Using a mask prompt for boundary refinement

Gpoxolcku commented 1 year ago

Hi, I have a roughly labeled dataset and trying to feed it's labels as a prompt into SAM. I want SAM to refine the segmentation labels and improve my dataset quality. In my case I don't use any additional prompt artifacts like points or boxes (though it works pretty good for such prompts). It seems to me that a pure mask prompt should be supported as well, according to the paper. But the results I obtain are kinda unreliable, an output mask mostly repeats an input one, even making it slightly worse. Is there a code snippet to build the prompts out of the foreign masks? Thanks in advance!

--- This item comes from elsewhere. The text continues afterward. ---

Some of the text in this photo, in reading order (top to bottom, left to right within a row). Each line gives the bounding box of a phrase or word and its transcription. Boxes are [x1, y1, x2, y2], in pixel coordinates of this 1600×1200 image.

maoyj1998 commented 1 year ago

I encounter the same problem, I found the input mask size must be 256*256. When I resize my mask to this size, the output segmentation results is a mess and make no sense. Do anyone have a clue?

rmokady commented 1 year ago

Encountered the same issue

kampelmuehler commented 1 year ago

Can confirm that also in their colab if you use just the mask_input without any sparse guidance the results will not change.

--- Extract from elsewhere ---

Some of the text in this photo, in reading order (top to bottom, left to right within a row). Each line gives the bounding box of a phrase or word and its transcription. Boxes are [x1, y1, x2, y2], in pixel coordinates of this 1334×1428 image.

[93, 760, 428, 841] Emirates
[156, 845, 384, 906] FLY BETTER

If you want to do the same with a mask from another source you must at least first zero pad it to square dimensions and then resize to 256x256. Also it might need some sort of normalization to properly work.

Output of the first stage, obtained using a single guidance point:

Output feeding the logits of the first stage as mask_input - without any additional queries:

qraleq commented 1 year ago

I'm observing the same behavior. @Gpoxolcku Did you manage to figure it out? I would like to use SAM for exactly the same use case you're mentioning.

Gpoxolcku commented 1 year ago

I'm observing the same behavior. @Gpoxolcku Did you manage to figure it out? I would like to use SAM for exactly the same use case you're mentioning.

Not yet, unfortunately. The only crutch I came up with is sampling the points inside of an instance's mask (with different sampling strategies, e.g. w.r.t distance transform) as "positive" class and sampling more points outside of the mask as "negative" class. Then combining those sparse inputs along with a coarse binary mask into a prompt and feed it into the SAM. But still that's not perfect to refine the dataset

kampelmuehler commented 1 year ago

@Gpoxolcku Interesting that you had success with this - I found it to not really work well with many query points. How many did you use?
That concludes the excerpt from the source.